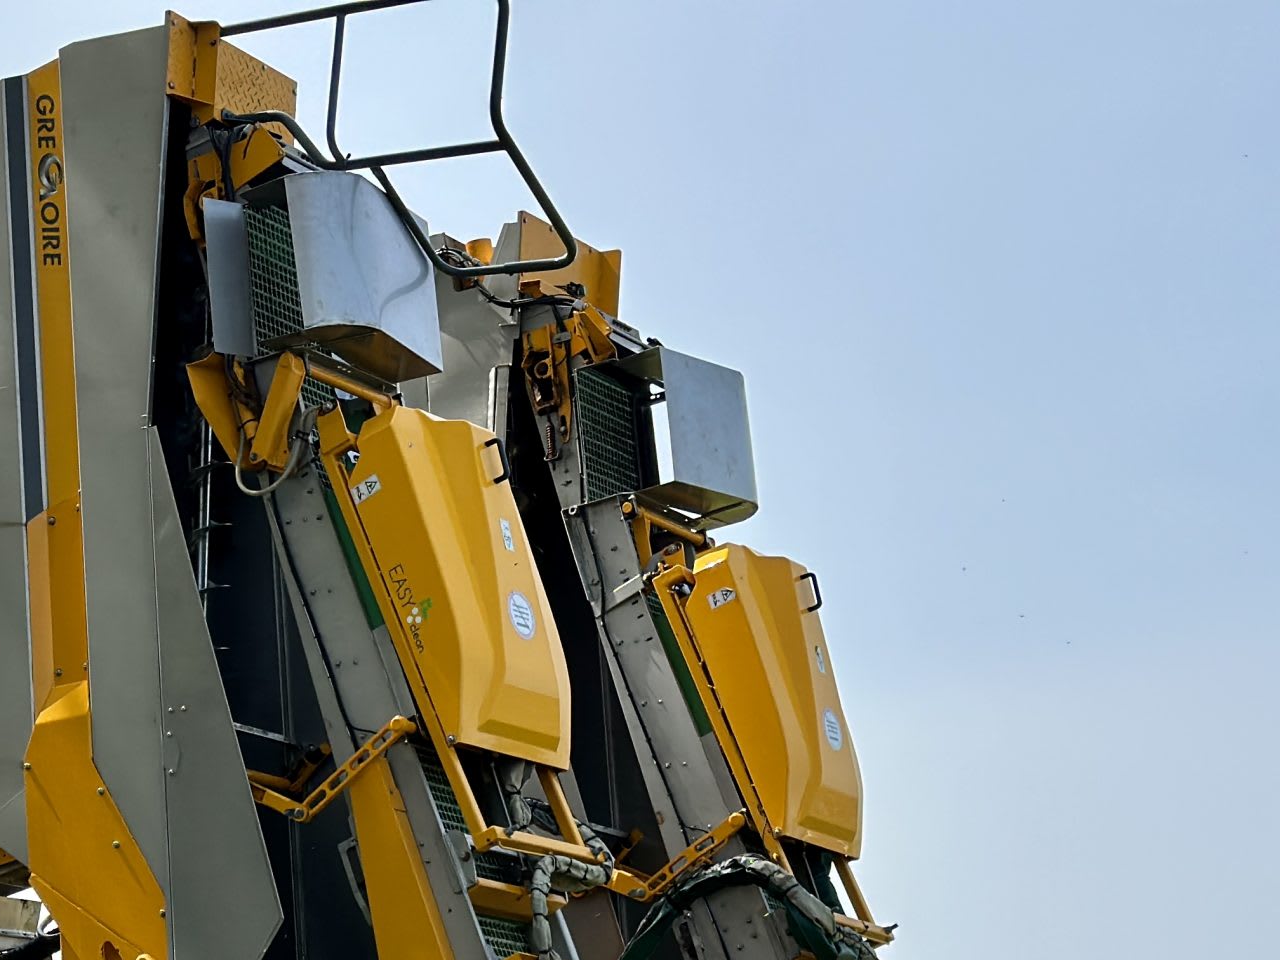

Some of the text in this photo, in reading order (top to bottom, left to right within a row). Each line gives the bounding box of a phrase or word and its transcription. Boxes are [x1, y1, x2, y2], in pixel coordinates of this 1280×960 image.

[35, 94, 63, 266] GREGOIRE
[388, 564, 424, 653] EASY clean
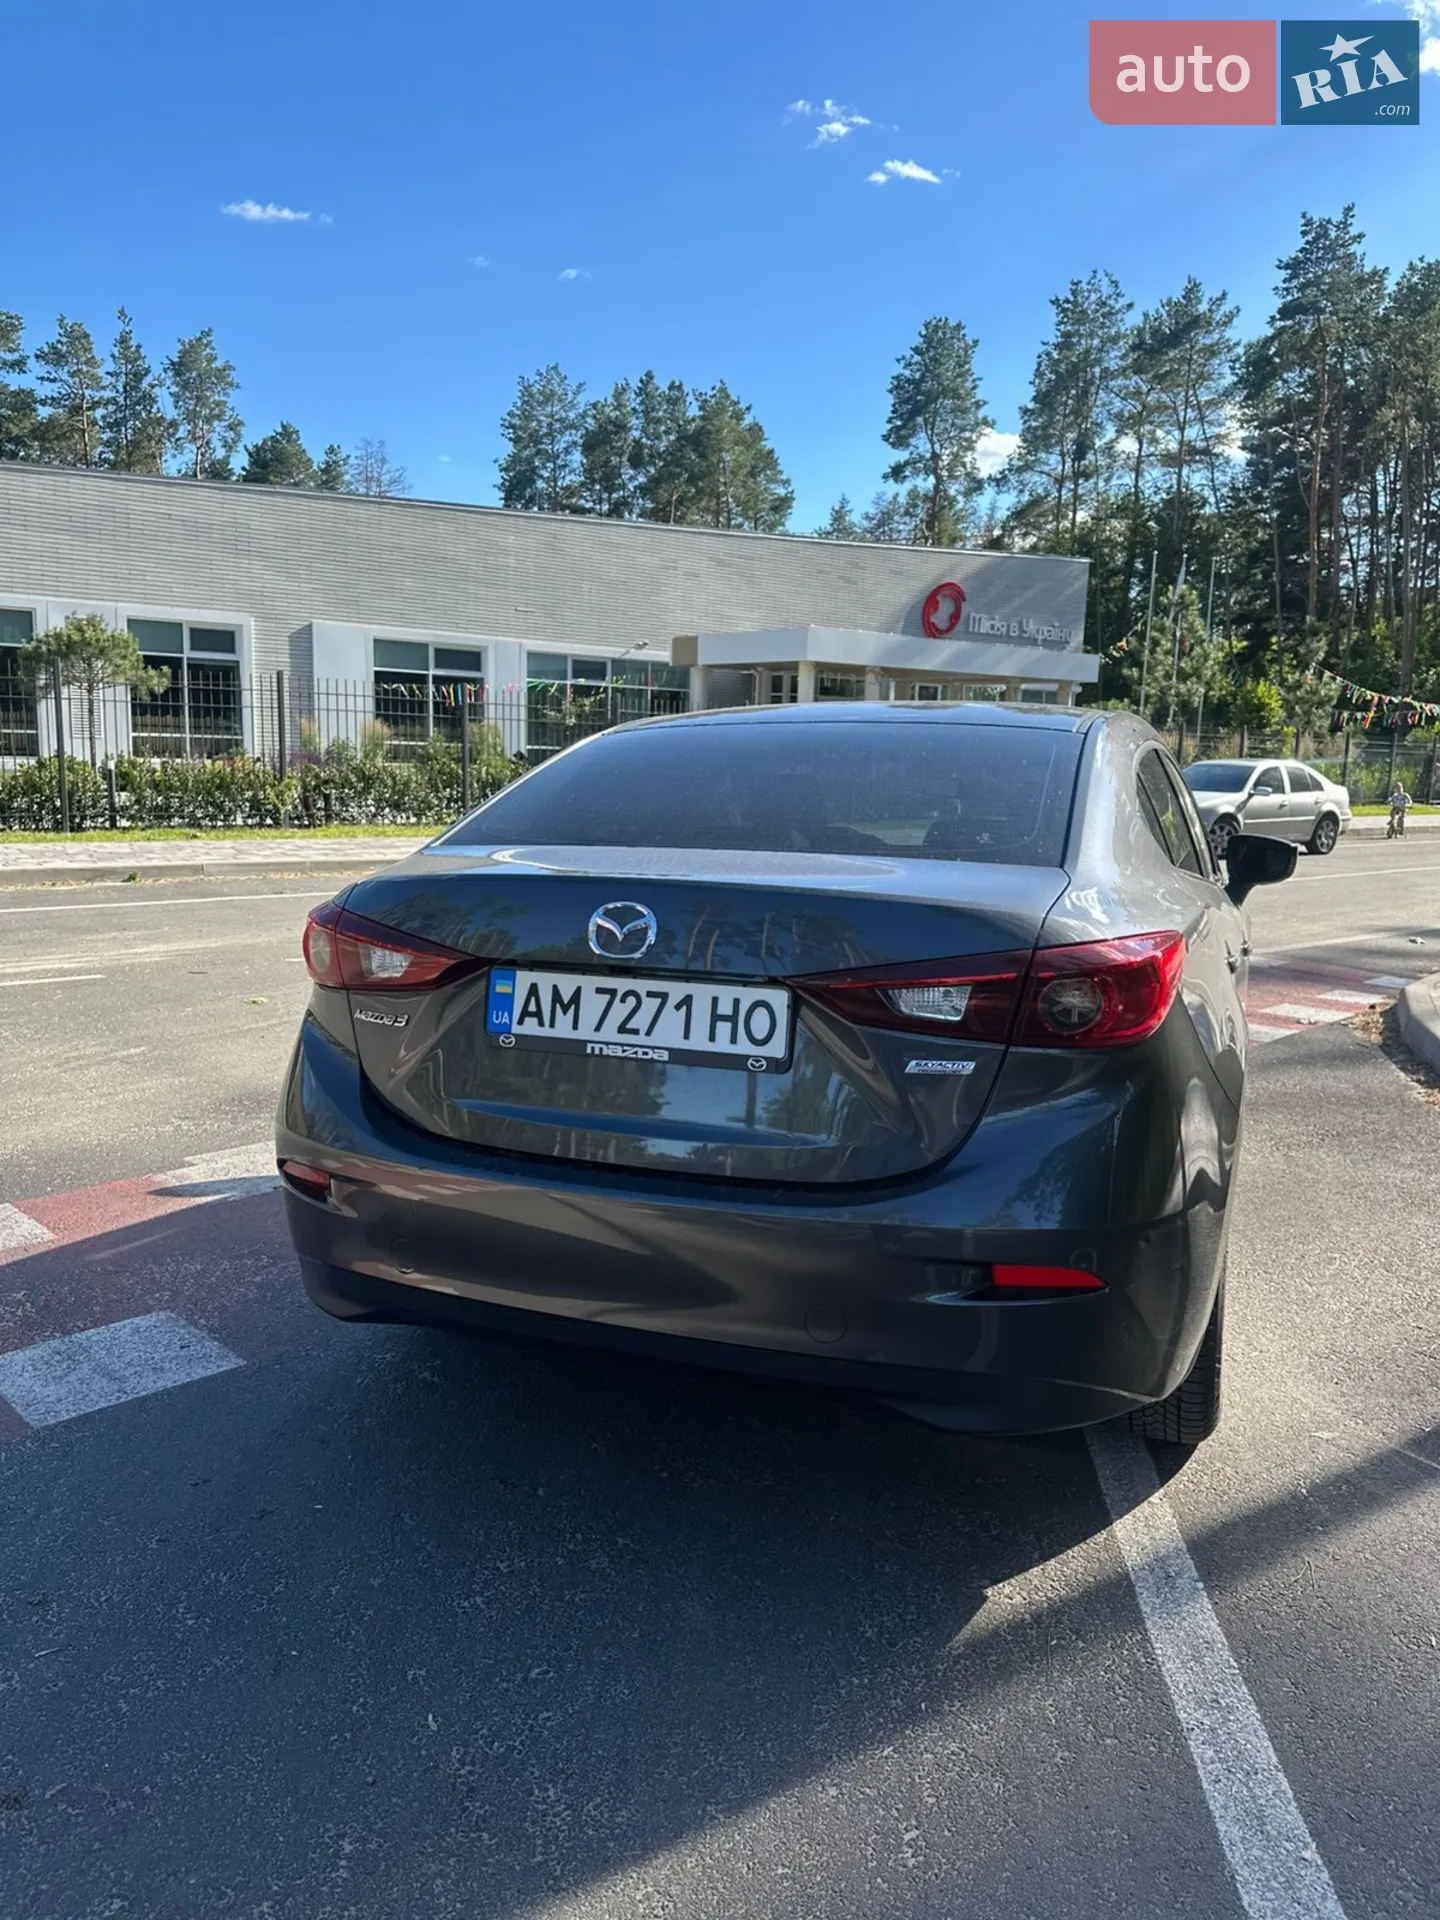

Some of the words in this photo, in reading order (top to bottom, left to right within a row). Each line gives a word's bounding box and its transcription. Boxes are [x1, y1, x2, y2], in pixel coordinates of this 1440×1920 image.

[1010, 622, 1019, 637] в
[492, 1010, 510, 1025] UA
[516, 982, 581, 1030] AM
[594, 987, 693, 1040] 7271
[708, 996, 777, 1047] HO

■ ■ ■ ■ ■

WHAT YOU NEED TO DO:
The expected output is every entry above, retyped exactly, with the pictures removed.

EXERCISE OUTPUT:
Some of the text in this photo, in reading order (top to bottom, left to right within a row). Each line gives the bounding box of a phrase or word and its transcription. Boxes are [x1, y1, x2, y2], in pixel coordinates of this 1280×960 image.

[35, 94, 63, 266] GREGOIRE
[388, 564, 424, 653] EASY clean

Some of the words in this photo, in reading order (top to bottom, left to right within a row). Each line gives a word's bounding box and its transcription. Boxes are [x1, y1, x2, y2], in pixel coordinates of this 1440×1920 image.

[1010, 622, 1019, 637] в
[492, 1010, 510, 1025] UA
[516, 982, 581, 1030] AM
[594, 987, 693, 1040] 7271
[708, 996, 777, 1047] HO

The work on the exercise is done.